JAMIA Open. 2020 Dec 5;3(4):513-517. doi: 10.1093/jamiaopen/ooaa064. eCollection 2020 Dec.


Objectives: Expert abstraction of acute toxicities is critical in oncology research but is labor-intensive and variable. We assessed the accuracy of a natural language processing (NLP) pipeline to extract symptoms from clinical notes compared to physicians.

Materials and methods: Two independent reviewers identified present and negated National Cancer Institute Common Terminology Criteria for Adverse Events (CTCAE) v5.0 symptoms from 100 randomly selected notes for on-treatment visits during radiation therapy with adjudication by a third reviewer. A NLP pipeline based on Apache clinical Text Analysis Knowledge Extraction System was developed and used to extract CTCAE terms. Accuracy was assessed by precision, recall, and F1.
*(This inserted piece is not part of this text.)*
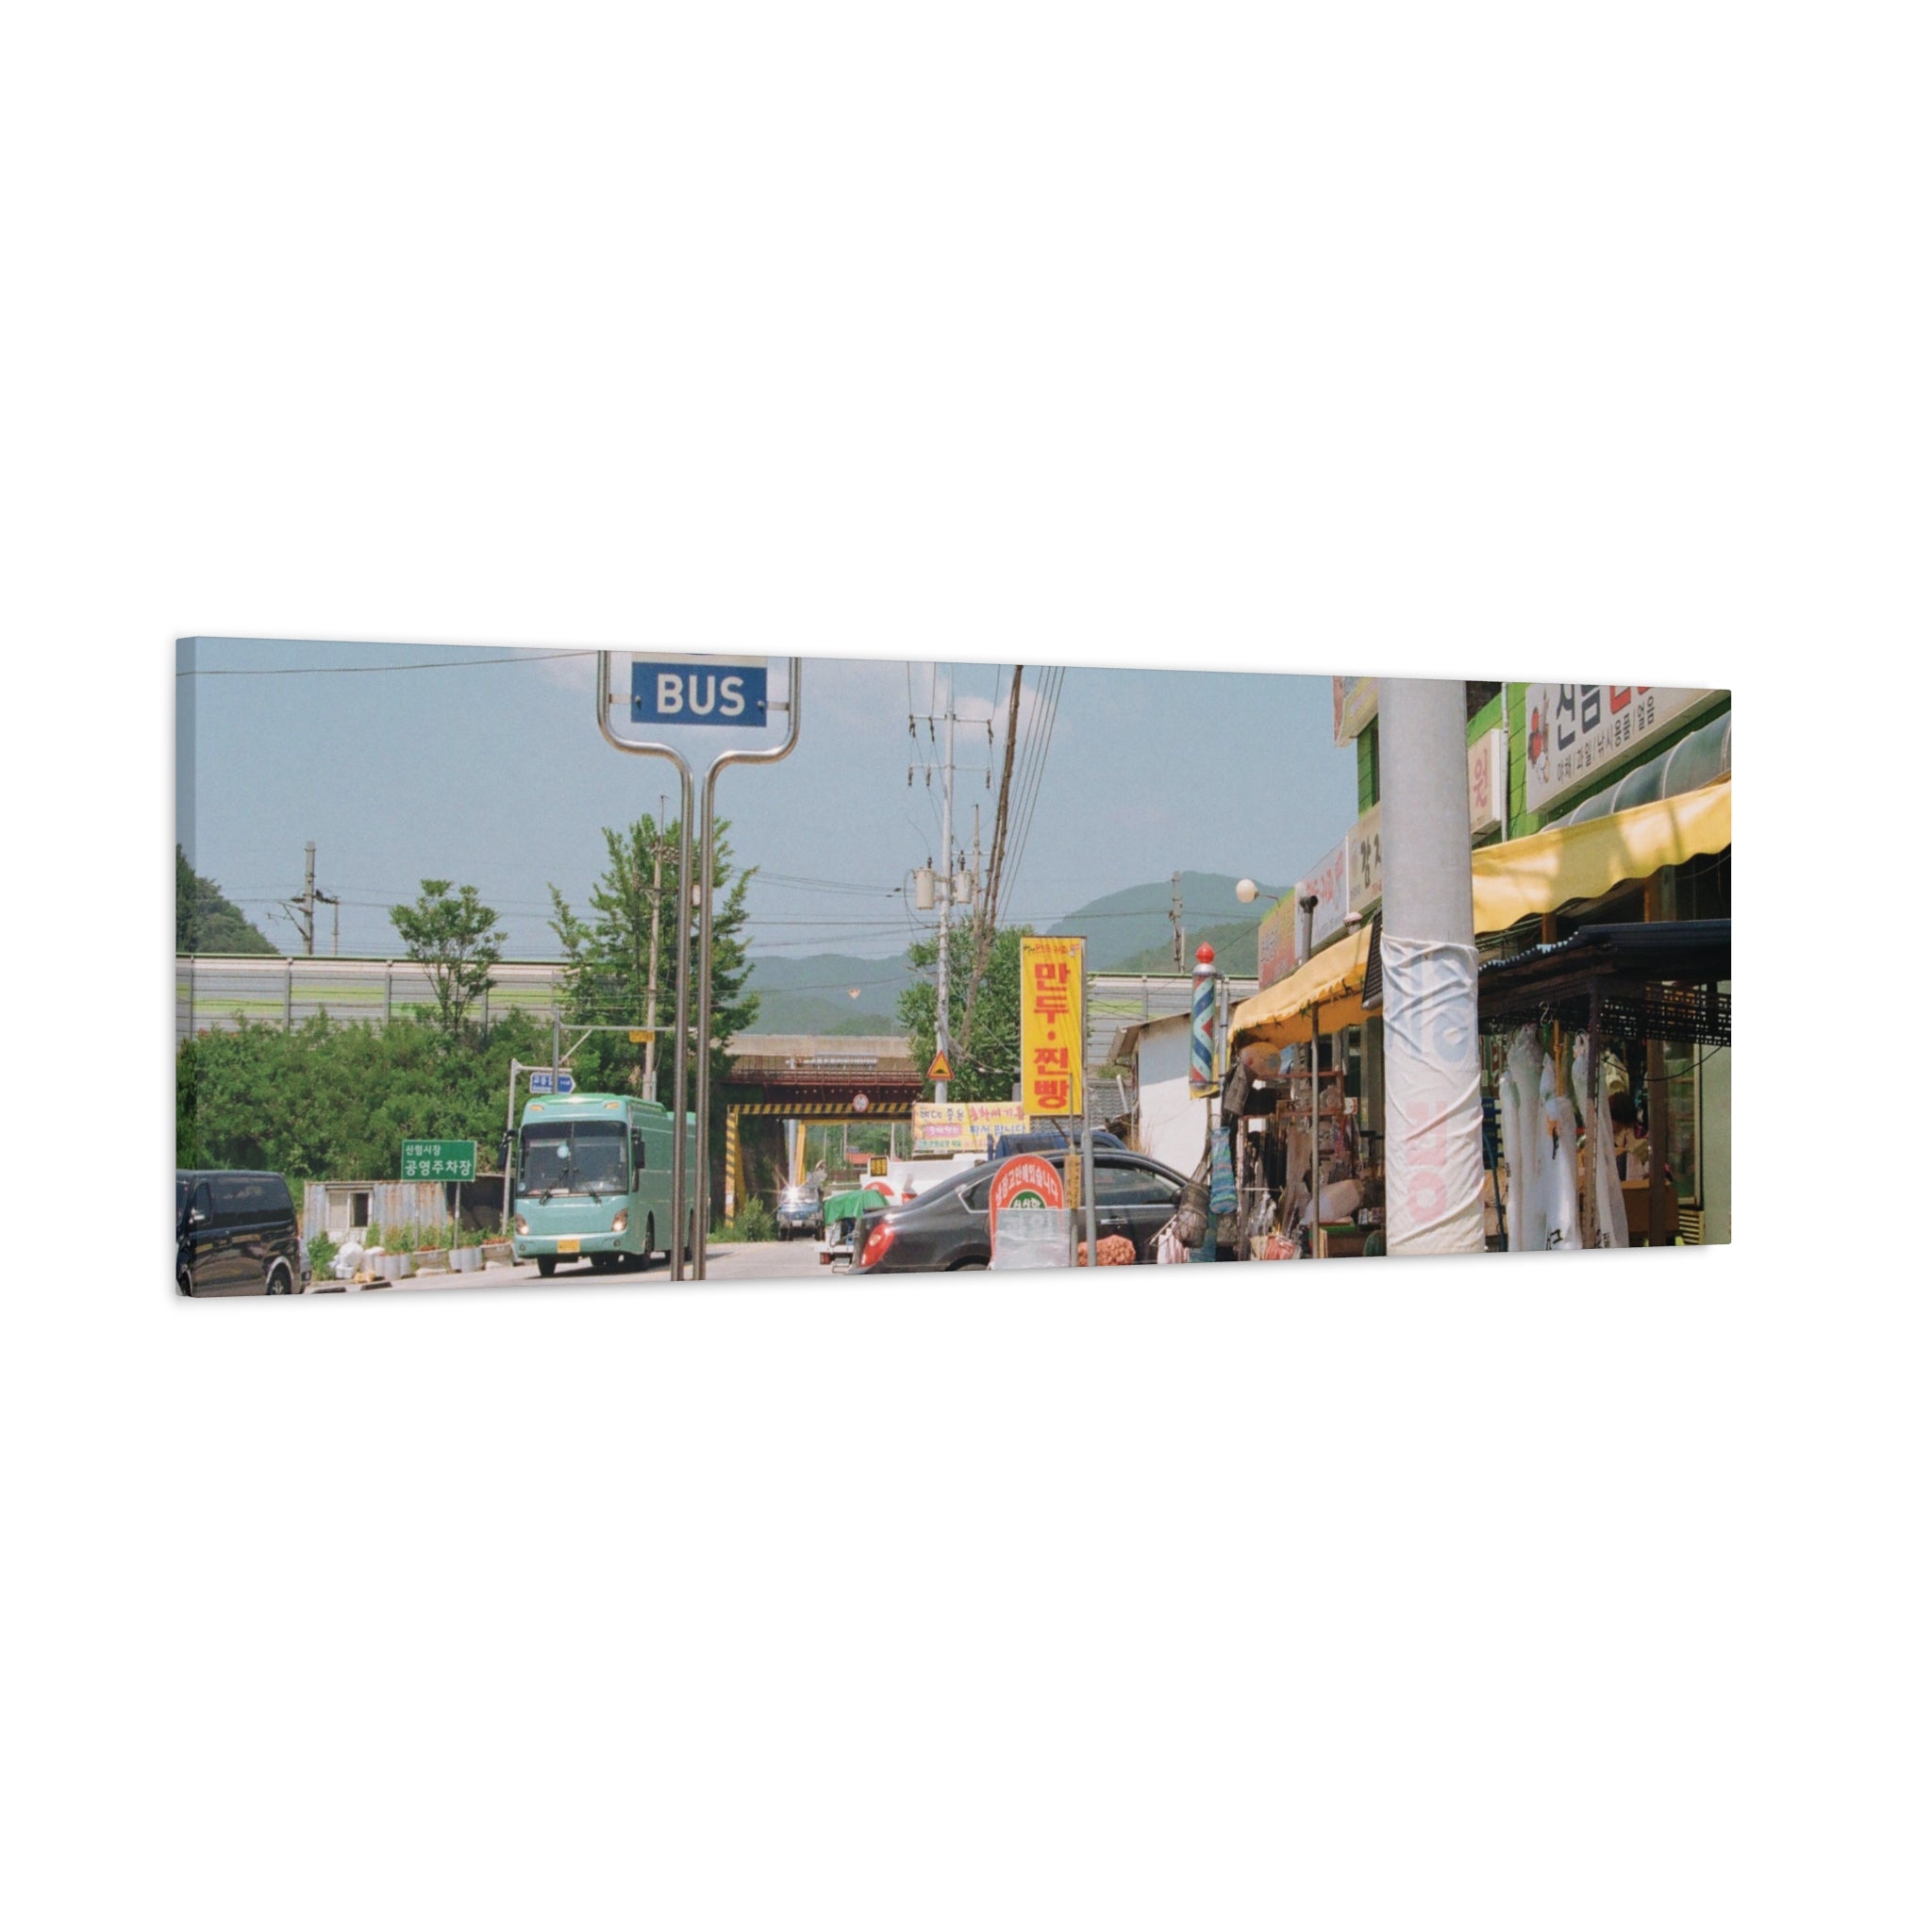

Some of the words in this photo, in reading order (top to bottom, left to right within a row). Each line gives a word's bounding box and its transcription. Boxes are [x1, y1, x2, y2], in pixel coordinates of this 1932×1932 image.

Results: The NLP pipeline demonstrated high accuracy for common physician-abstracted symptoms, such as radiation dermatitis (F1 0.88), fatigue (0.85), and nausea (0.88). NLP had poor sensitivity for negated symptoms.

Conclusion: NLP accurately detects a subset of documented present CTCAE symptoms, though is limited for negated symptoms. It may facilitate strategies to more consistently identify toxicities during cancer therapy.

Keywords: cancer; chemoradiation; natural language processing; radiation therapy; toxicity.